→ **What you are asked to do**: A picture-free, exact reproduction of the listing that follows is required.

→ **Stored data**:
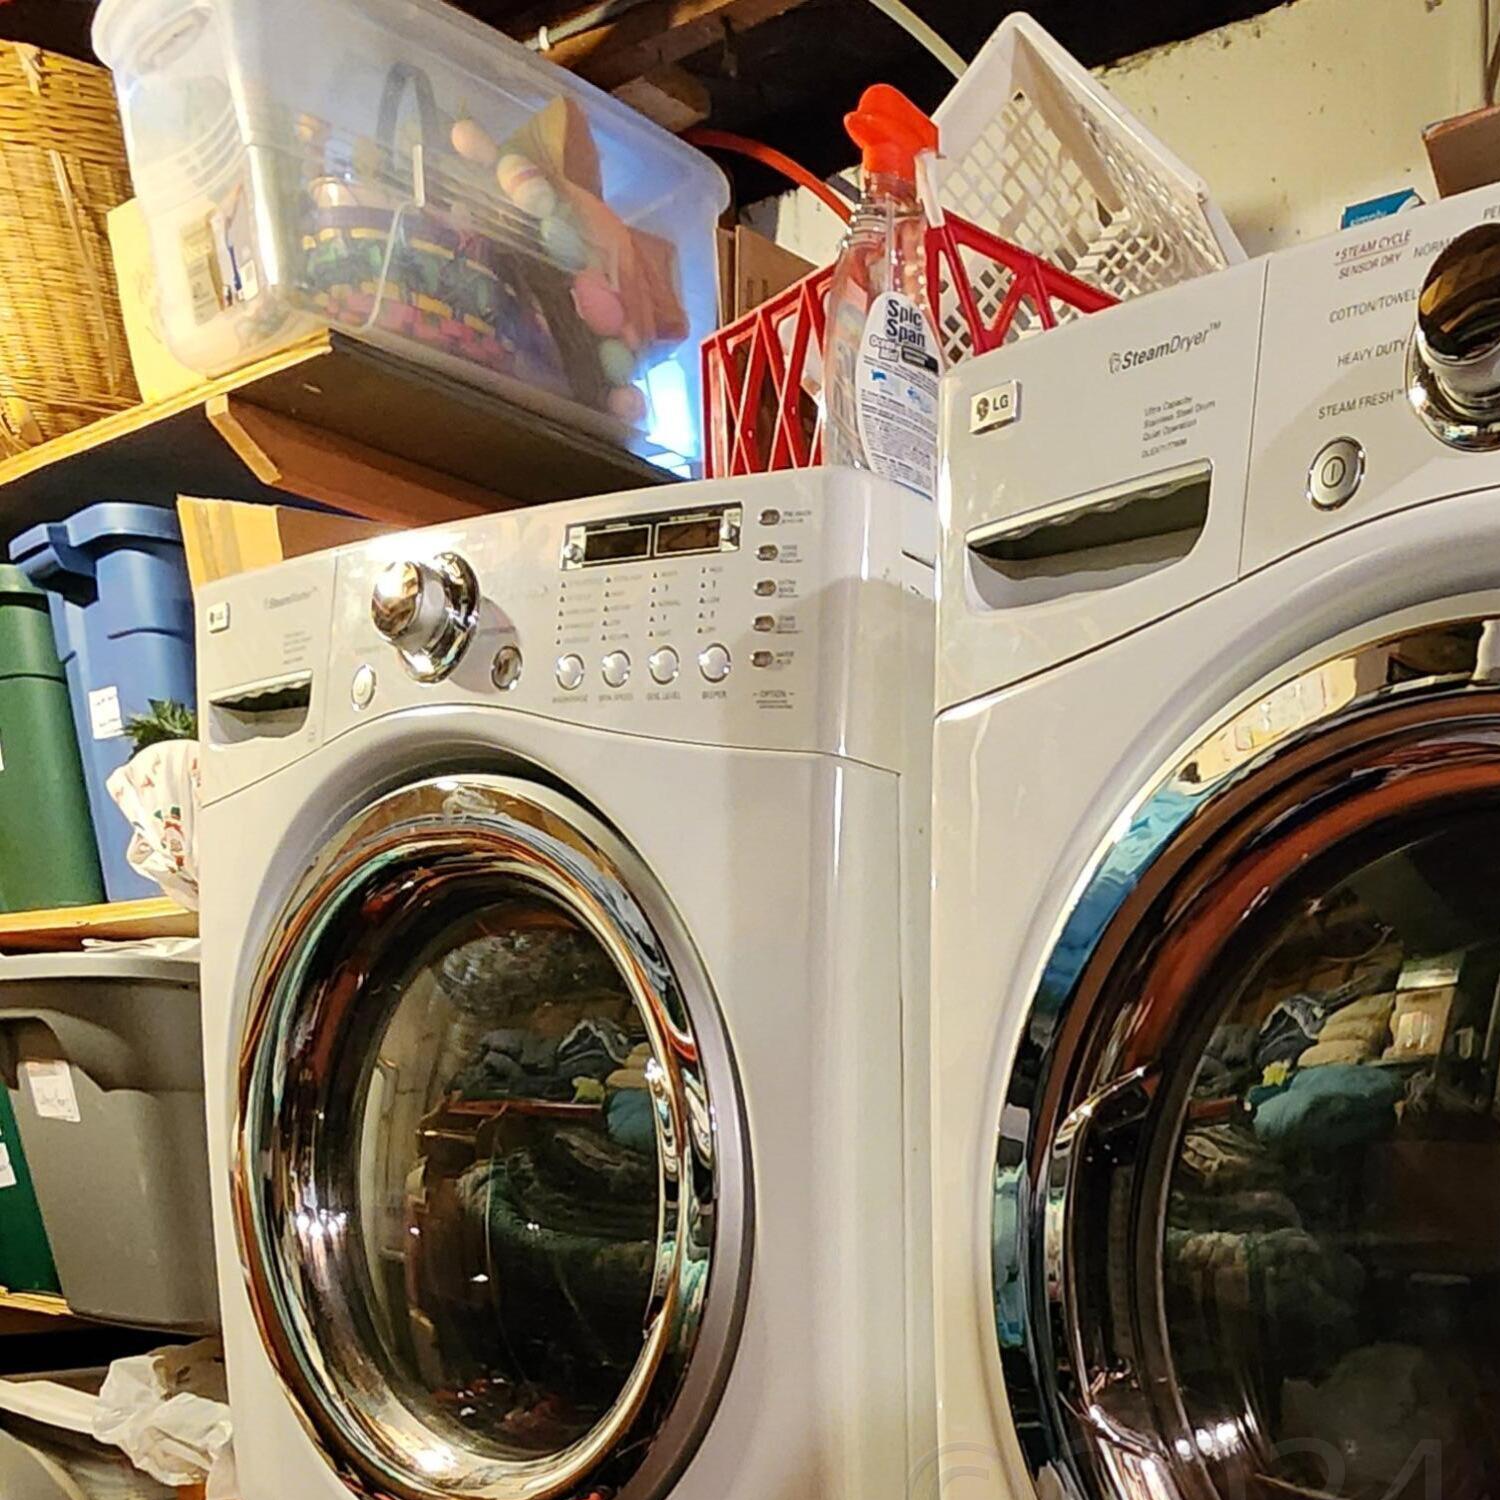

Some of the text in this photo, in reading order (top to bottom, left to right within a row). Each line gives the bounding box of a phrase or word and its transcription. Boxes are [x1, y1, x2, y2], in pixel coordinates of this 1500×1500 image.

[1379, 229, 1411, 249] CYCLE
[1339, 253, 1401, 279] SENSOR DRY
[887, 299, 922, 326] Spic
[886, 318, 925, 348] Span
[1337, 338, 1407, 368] HEAVY DUTY
[993, 394, 1009, 411] LG
[1318, 399, 1356, 420] STEAM
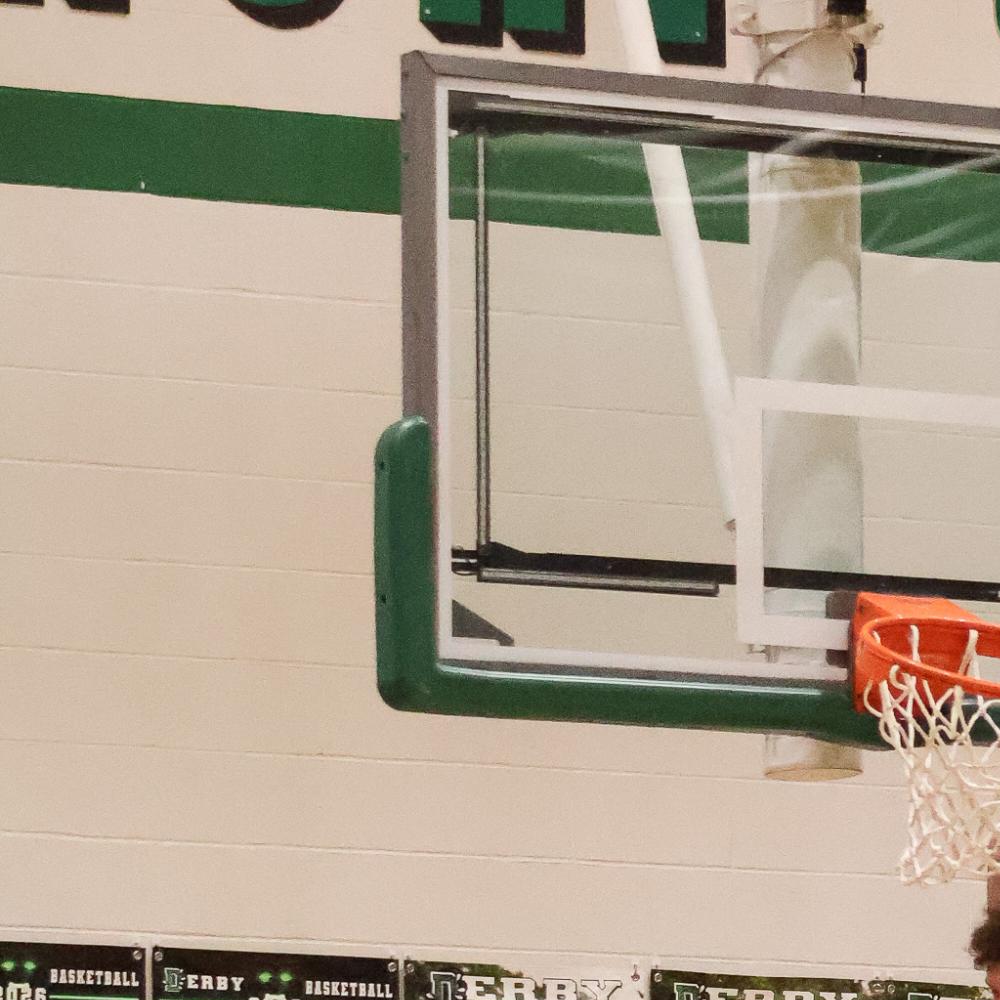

→ **Task answer**:
Some of the text in this photo, in reading order (top to bottom, left to right within a row). Each line gives the bounding box of a phrase or word and its transcription. Boxes are [x1, y1, x2, y2], in pixel coordinates of this 1500×1500 image.

[1379, 229, 1411, 249] CYCLE
[1339, 253, 1401, 279] SENSOR DRY
[887, 299, 922, 326] Spic
[886, 318, 925, 348] Span
[1337, 338, 1407, 368] HEAVY DUTY
[993, 394, 1009, 411] LG
[1318, 399, 1356, 420] STEAM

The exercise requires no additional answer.